+++ DATA FOR REVIEW
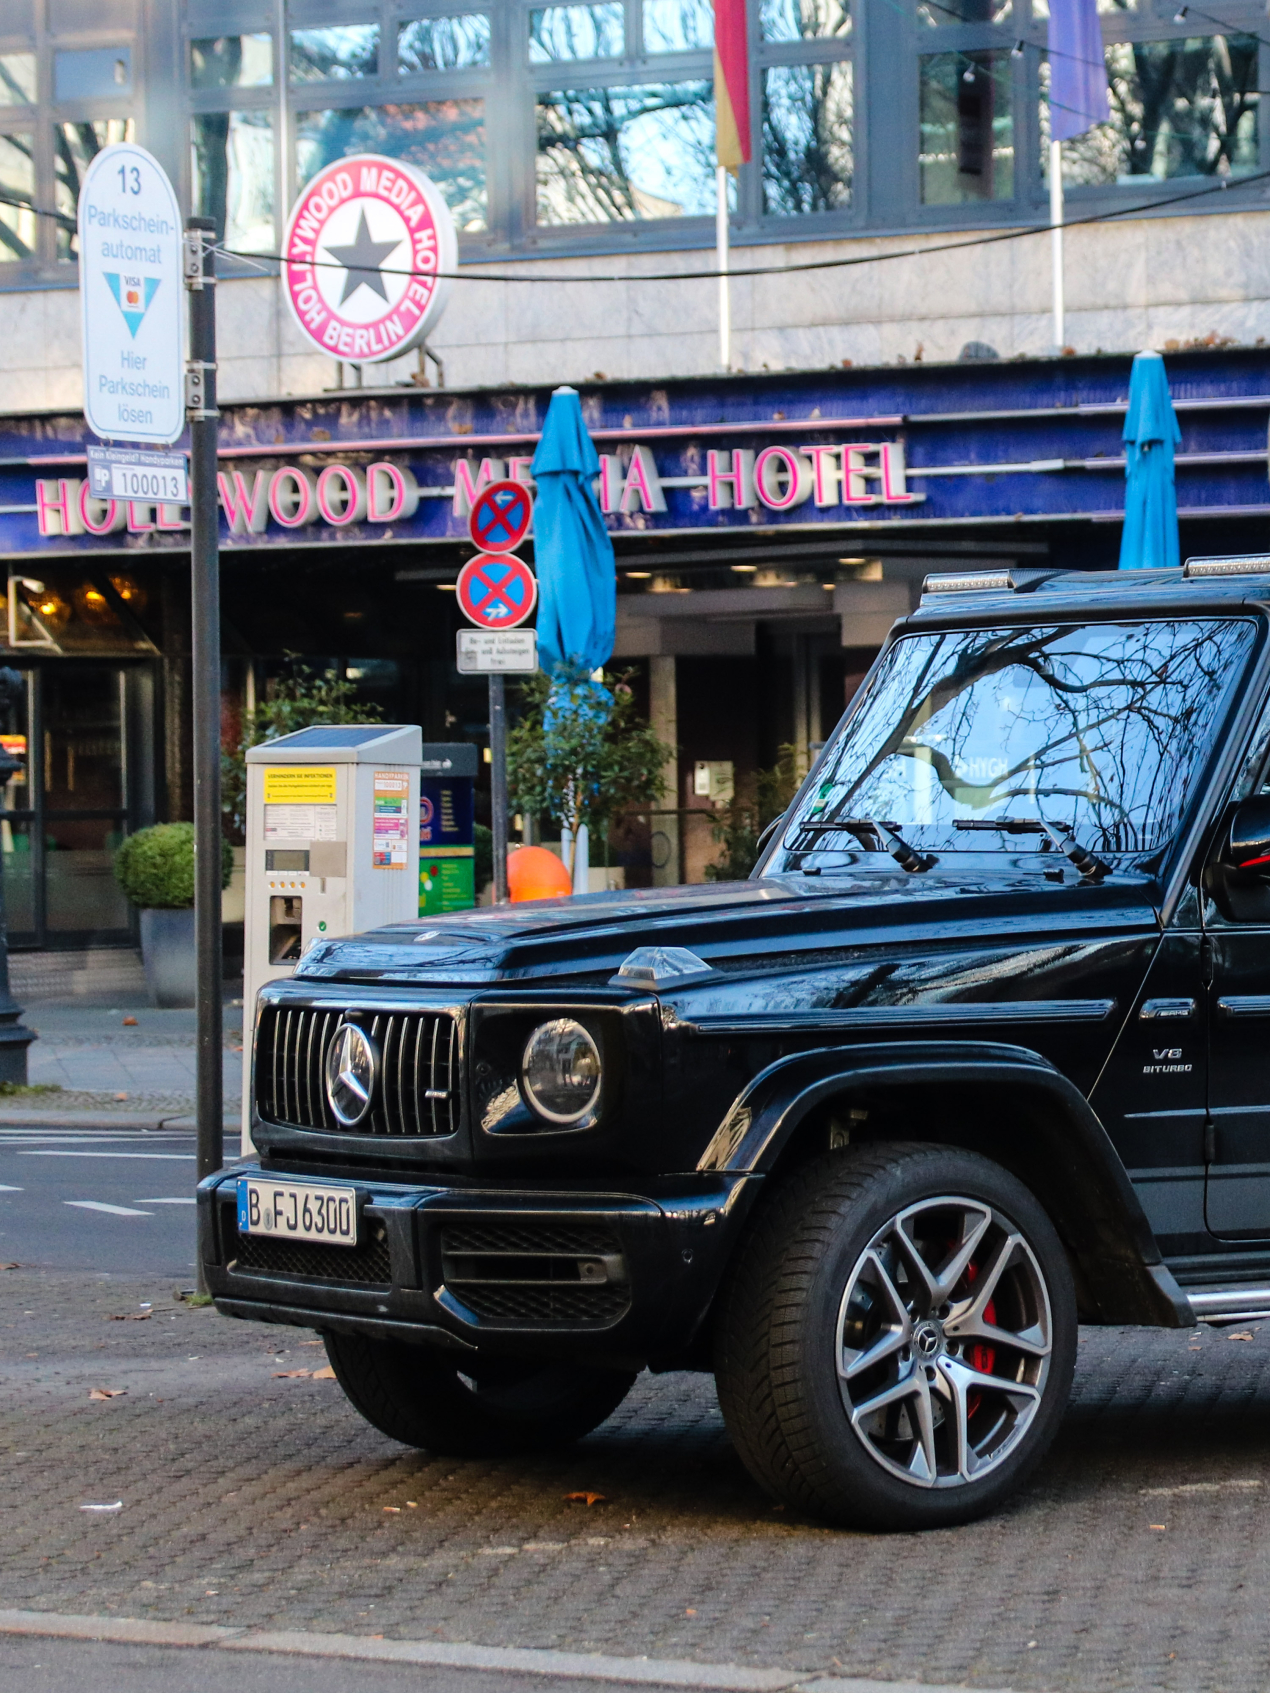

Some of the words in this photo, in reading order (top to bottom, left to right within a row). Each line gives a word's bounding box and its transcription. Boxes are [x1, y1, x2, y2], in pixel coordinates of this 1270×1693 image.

[117, 164, 142, 196] 13
[87, 204, 175, 236] Parkschein-
[101, 240, 162, 264] automat
[290, 171, 354, 330] HOLLYWOOD
[359, 166, 425, 228] MEDIA
[400, 228, 437, 316] HOTEL
[123, 275, 141, 287] VISA
[322, 313, 405, 354] BERLIN
[120, 350, 147, 370] Hier
[99, 374, 170, 399] Parkschein
[118, 403, 153, 424] lösen
[36, 462, 406, 536] HOLLWOOD
[453, 444, 655, 516] MIA
[707, 442, 917, 512] HOTEL
[121, 472, 179, 497] 100013
[1152, 1048, 1182, 1060] V8
[1142, 1064, 1193, 1074] BITURBO
++++++
**PROBLEM DETAILS**
Every entry above needs to be duplicated exactly, without its images.

**RESPONSE BELOW**
Some of the words in this photo, in reading order (top to bottom, left to right within a row). Each line gives a word's bounding box and its transcription. Boxes are [x1, y1, x2, y2], in pixel coordinates of this 1270×1693 image.

[117, 164, 142, 196] 13
[87, 204, 175, 236] Parkschein-
[101, 240, 162, 264] automat
[290, 171, 354, 330] HOLLYWOOD
[359, 166, 425, 228] MEDIA
[400, 228, 437, 316] HOTEL
[123, 275, 141, 287] VISA
[322, 313, 405, 354] BERLIN
[120, 350, 147, 370] Hier
[99, 374, 170, 399] Parkschein
[118, 403, 153, 424] lösen
[36, 462, 406, 536] HOLLWOOD
[453, 444, 655, 516] MIA
[707, 442, 917, 512] HOTEL
[121, 472, 179, 497] 100013
[1152, 1048, 1182, 1060] V8
[1142, 1064, 1193, 1074] BITURBO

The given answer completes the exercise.